Y es que el drama de la niña-madre en nuestro país no puede ser más sobrecogedor. Porque no son ni Honduras, ni Bolivia ni Haití los países líderes en tan triste renglón en Latinoamérica: es Venezuela. Son muchos y difíciles los trances por los que ha de atravesar la adolescente de no más de 15 años – la llamada embarazada precoz- antes de verse portando en sus brazos a un pequeño ser que demandará de ella los cuidados y las atenciones que en rigor deberían ser responsabilidad de una mujer adulta y consciente de su papel de madre. En primer término, debemos saber que el suyo será un embarazo de alto riesgo, en el que la posibilidad de enfermar e incluso morir es notable. En segundo lugar, hemos de tener claro que el niño por ella concebido estará en peligro aún antes de nacer y hasta después del parto, con toda la carga que en ello comporta la frecuente prematuridad con la que vienen al mundo. Finalmente, y suponiendo que todo el proceso del embarazo y el parto marchen razonablemente bien, la historia habrá de terminar con la imagen conmovedora de una niña portando en sus brazos ya no una muñeca de plástico con la cual jugar hasta que empiece el capítulo de El Zorro, sino que a un niño de carne y hueso al que hay que alimentar y cuidar en medio de la frecuente pobreza del venezolano que, unida a la precaria asistencia médica que este recibe, se ha convertido en una verdadera máquina de muerte: para muestra, he allí los últimos datos publicados por el MSDS correspondientes al año 2004, que dan cuenta de una mortalidad infantil de 17 por cada 1000 nacidos vivos registrados en Venezuela. Eso es casi tres veces el indicador correspondiente a Chile!

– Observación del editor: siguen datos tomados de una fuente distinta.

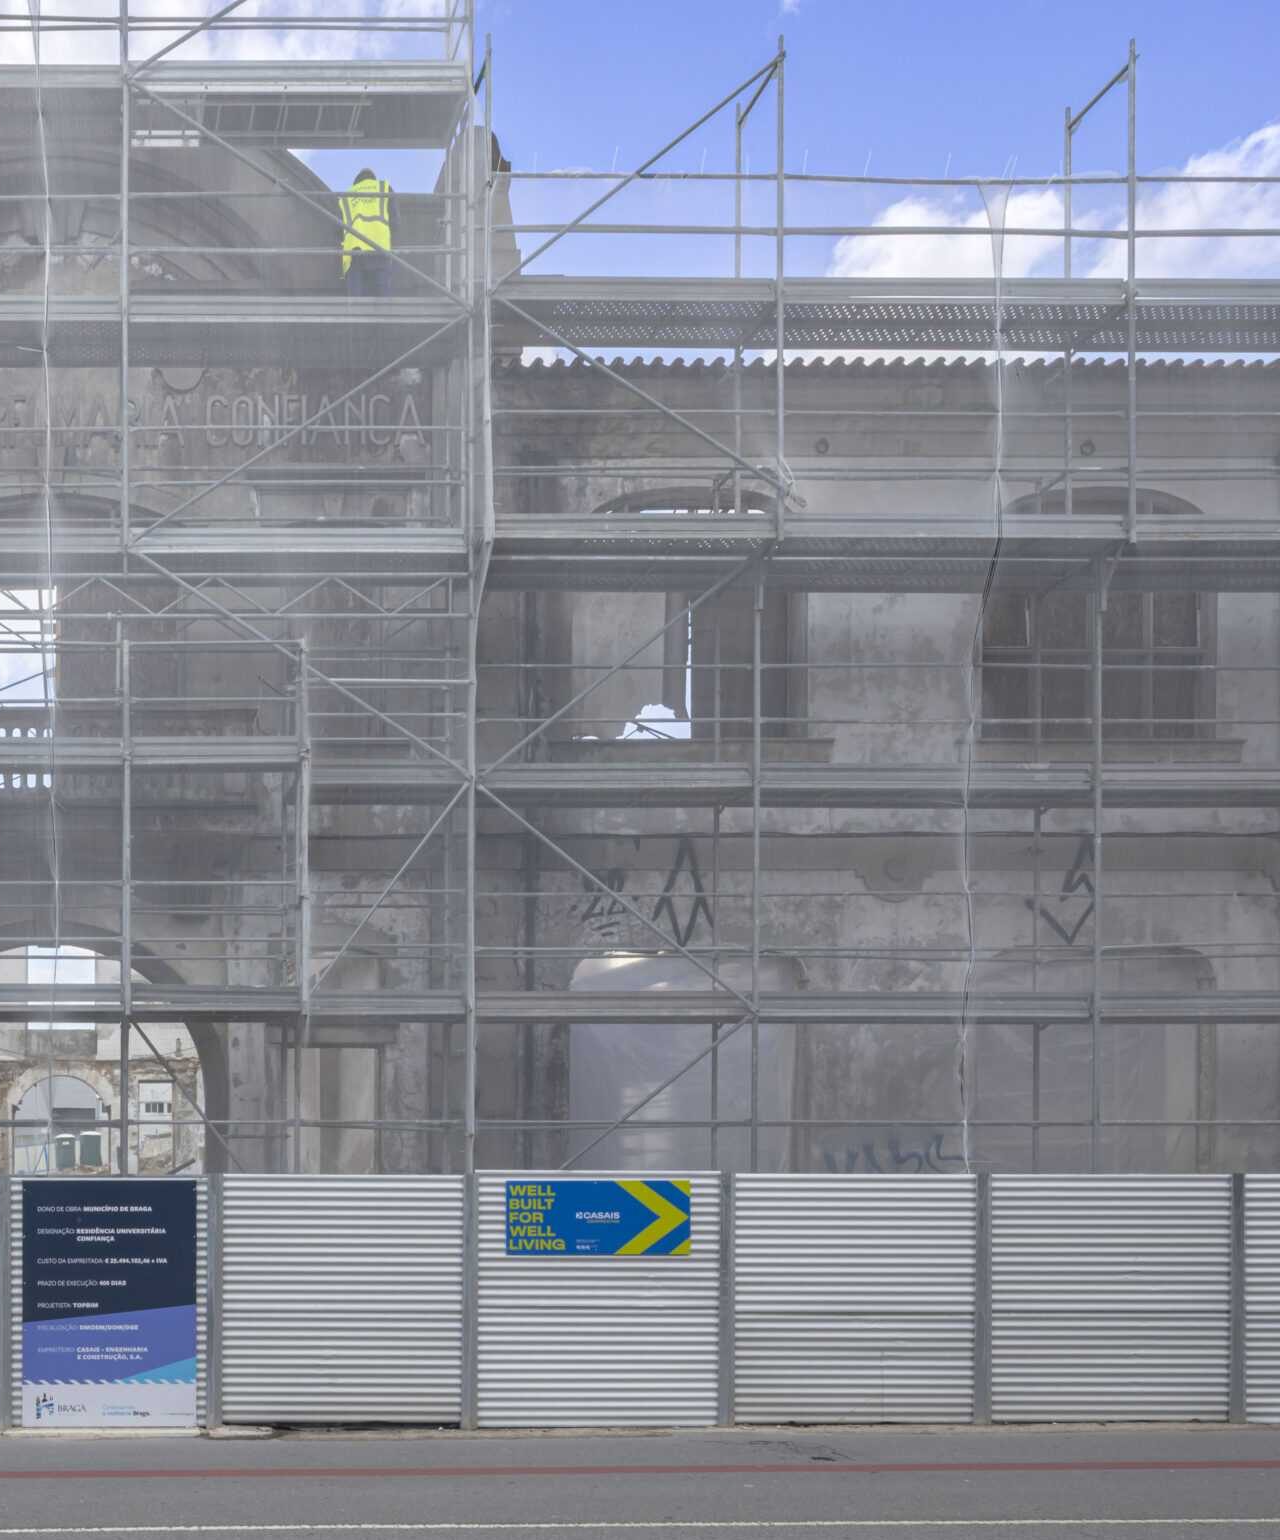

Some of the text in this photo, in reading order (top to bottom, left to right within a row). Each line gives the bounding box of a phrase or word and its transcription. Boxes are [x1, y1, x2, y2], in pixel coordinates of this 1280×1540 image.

[509, 1184, 556, 1196] WELL
[83, 1204, 118, 1212] MUNICÍPIO
[509, 1198, 555, 1210] BUILT
[509, 1212, 544, 1223] FOR
[583, 1211, 620, 1219] CASAIS
[509, 1225, 556, 1237] WELL
[509, 1239, 566, 1251] LIVING
[57, 1404, 87, 1412] BRAGA
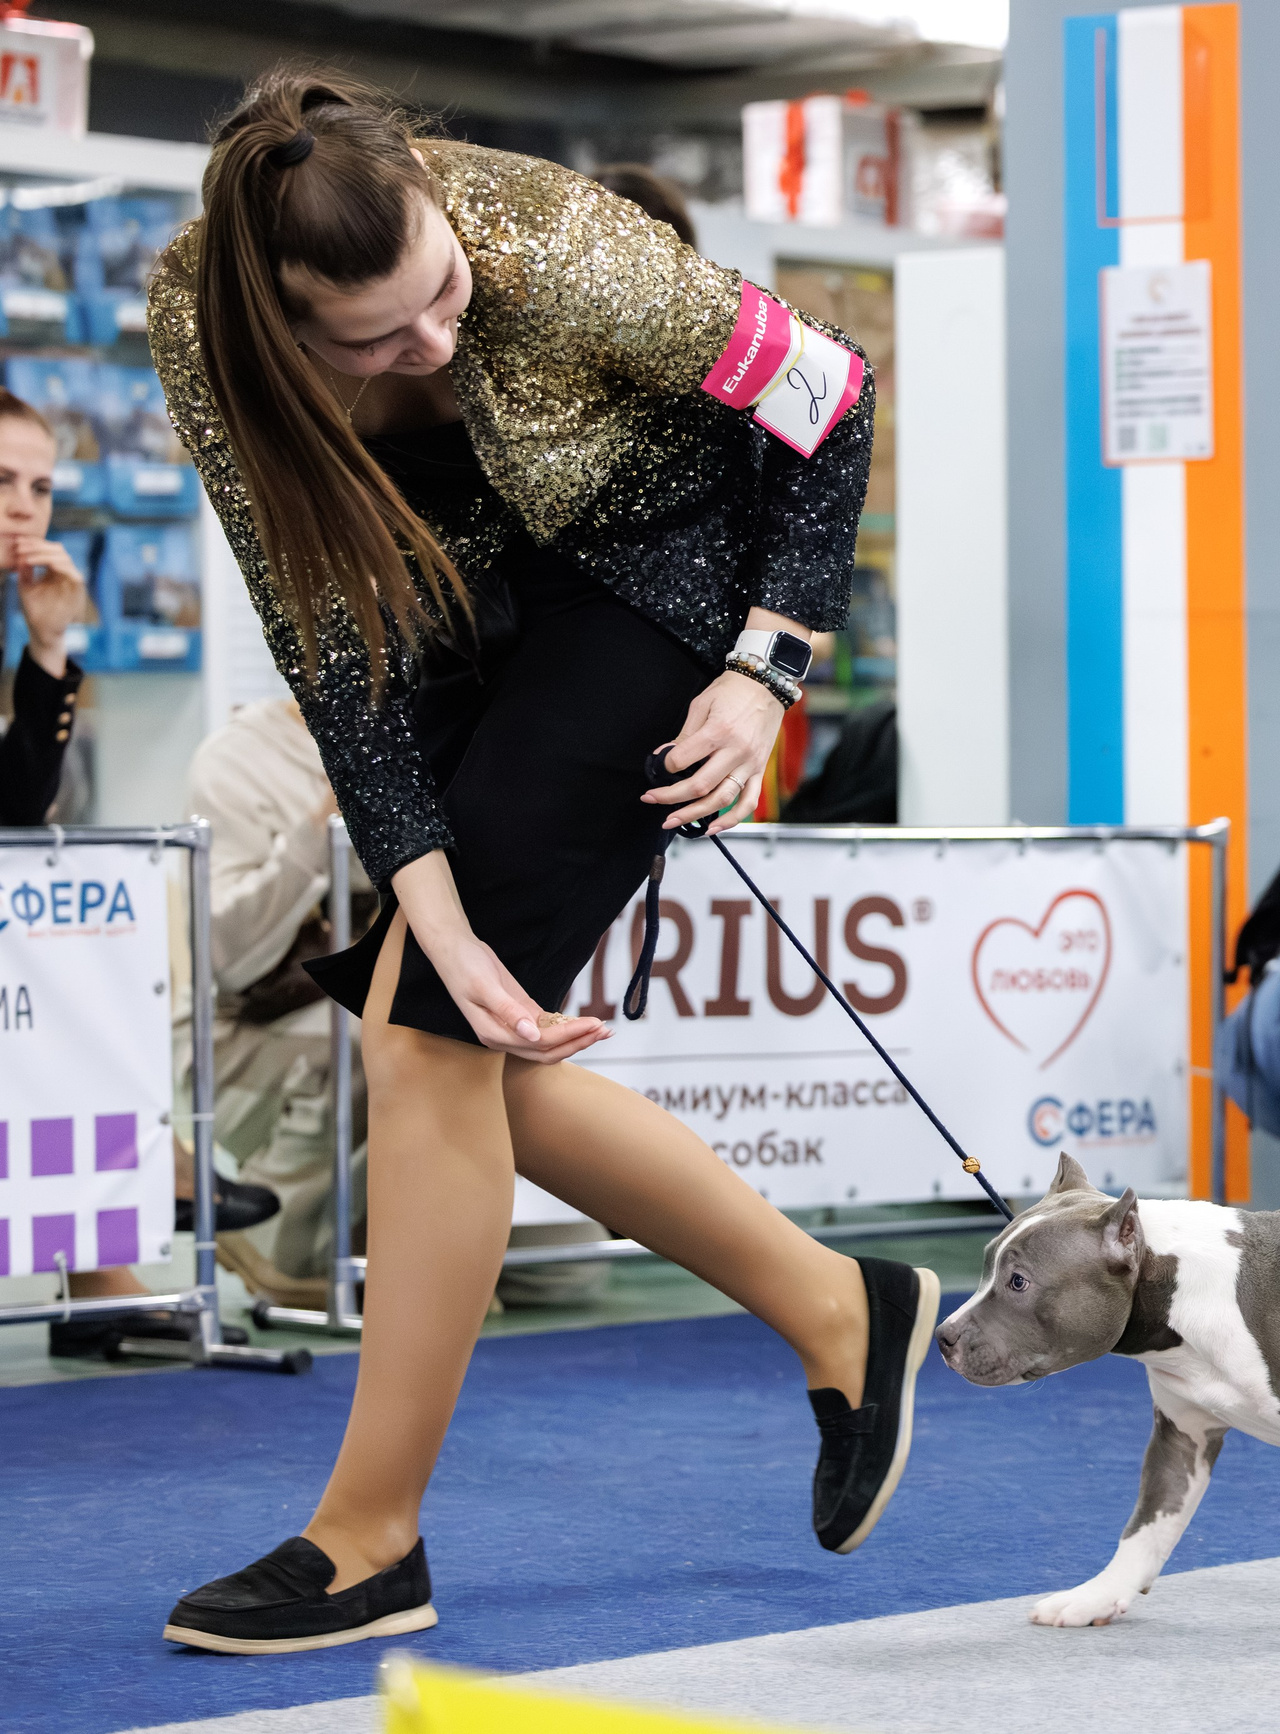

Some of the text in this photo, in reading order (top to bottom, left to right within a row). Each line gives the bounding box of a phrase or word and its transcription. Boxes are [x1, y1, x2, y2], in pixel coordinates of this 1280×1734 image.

[722, 299, 768, 394] Eukanuba
[786, 367, 827, 425] 2
[990, 969, 1092, 992] ЛЮБОВЬ
[634, 1079, 908, 1121] емиум-класса
[1027, 1094, 1157, 1147] СФЕРА
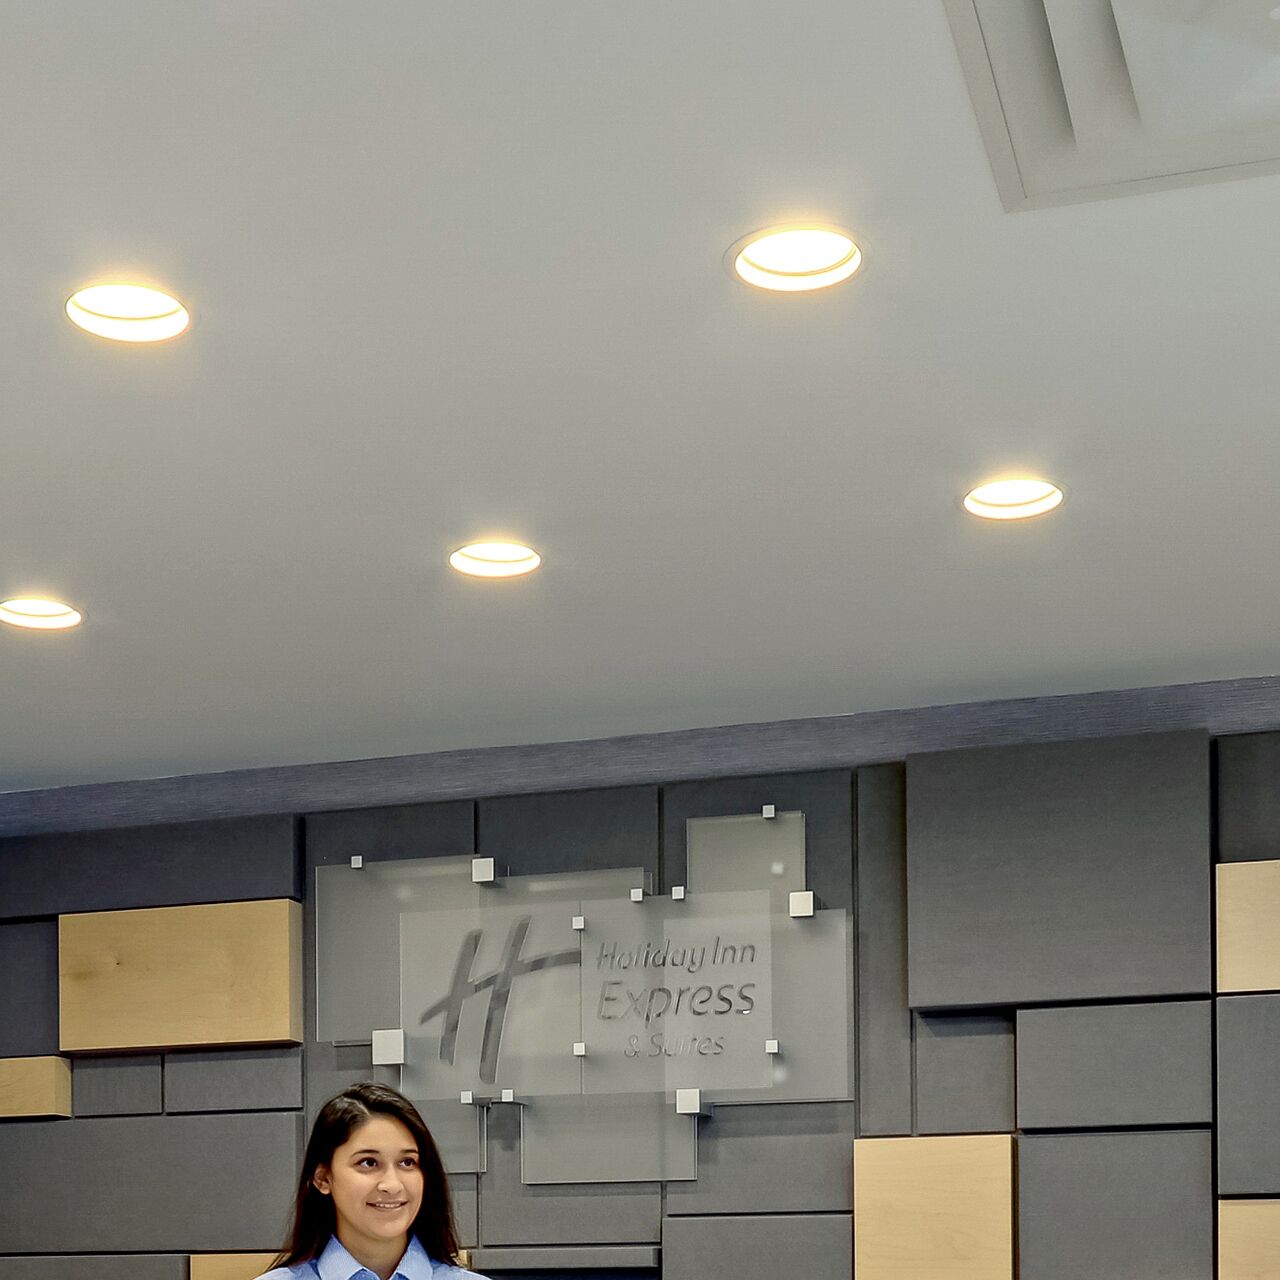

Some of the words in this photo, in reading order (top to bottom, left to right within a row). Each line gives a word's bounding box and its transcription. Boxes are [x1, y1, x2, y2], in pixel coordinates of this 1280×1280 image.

[597, 937, 705, 973] Holiday
[712, 935, 756, 965] Inn
[597, 981, 756, 1029] Express
[624, 1034, 640, 1058] &
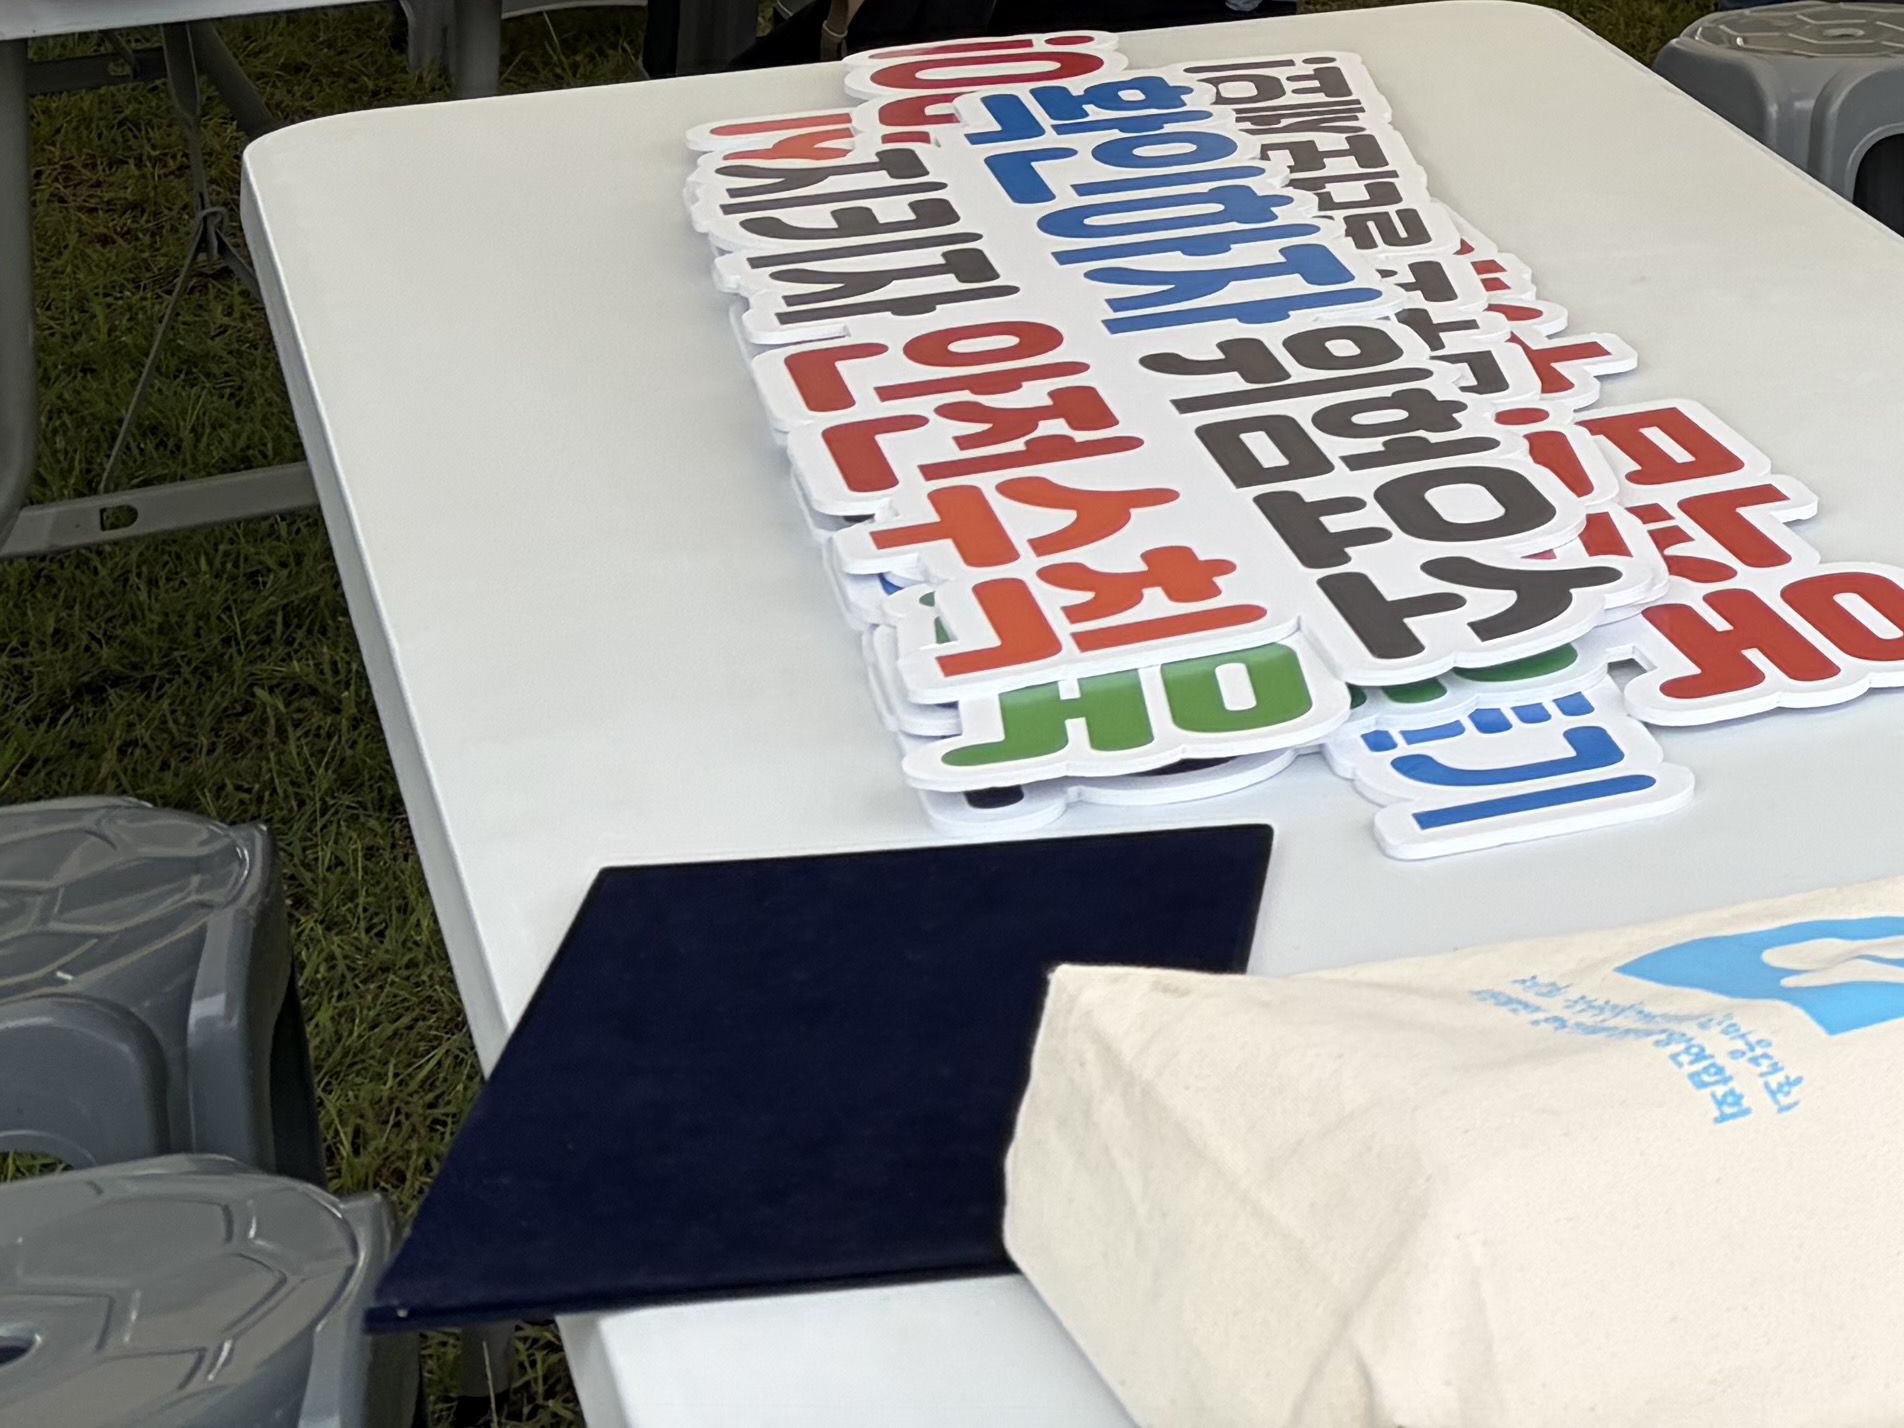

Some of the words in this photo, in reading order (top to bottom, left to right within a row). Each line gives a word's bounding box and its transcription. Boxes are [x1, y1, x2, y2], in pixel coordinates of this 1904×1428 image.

La más efectiva estrategia de prevención del embarazo en adolescentes no se basa tanto en la proliferación de consultas médicas y en la masificación del uso de métodos anticonceptivos sino en una política mucho más básica y simple: mandar a la niña a la escuela. Esta elementalísima verdad la encontramos en un ya clásico trabajo del académico venezolano Ricardo Haussman – quien, por cierto, no es médico obstetra sino experto economista!- que fuera divulgado a principios de la década pasada: la muchacha venezolana que completa al menos 11 años de escolaridad – primaria y bachillerato- suele alcanzar la mayoría de edad ( los 21 años) sin hijos. Tantos más años de escuela perdía la muchacha, tantos más hijos tendría, de modo que aquella que cumplía los 21 sin tan siquiera haber terminado la primaria de seguro habrá parido para entonces tres o cuatro niños. La vida terminará siendo para ella una contínua e infinita lucha por sobrevivir, con lo que el terrible ciclo de la pobreza habrá de cerrarse para seguramente iniciarse una y otra vez en cada uno de sus pequeños hijos.

Macabra paradoja esta, la de un país en el que, como en el nuestro, las mejores oportunidades son desperdiciadas en nombre de esas necias utopías cuyos más ardientes difusores jamás en sus vidas habrán de encarar la hórrida realidad en la que viven sumergidos los millones de venezolanos a quienes su discurso prometiera pan, techo y hasta redención.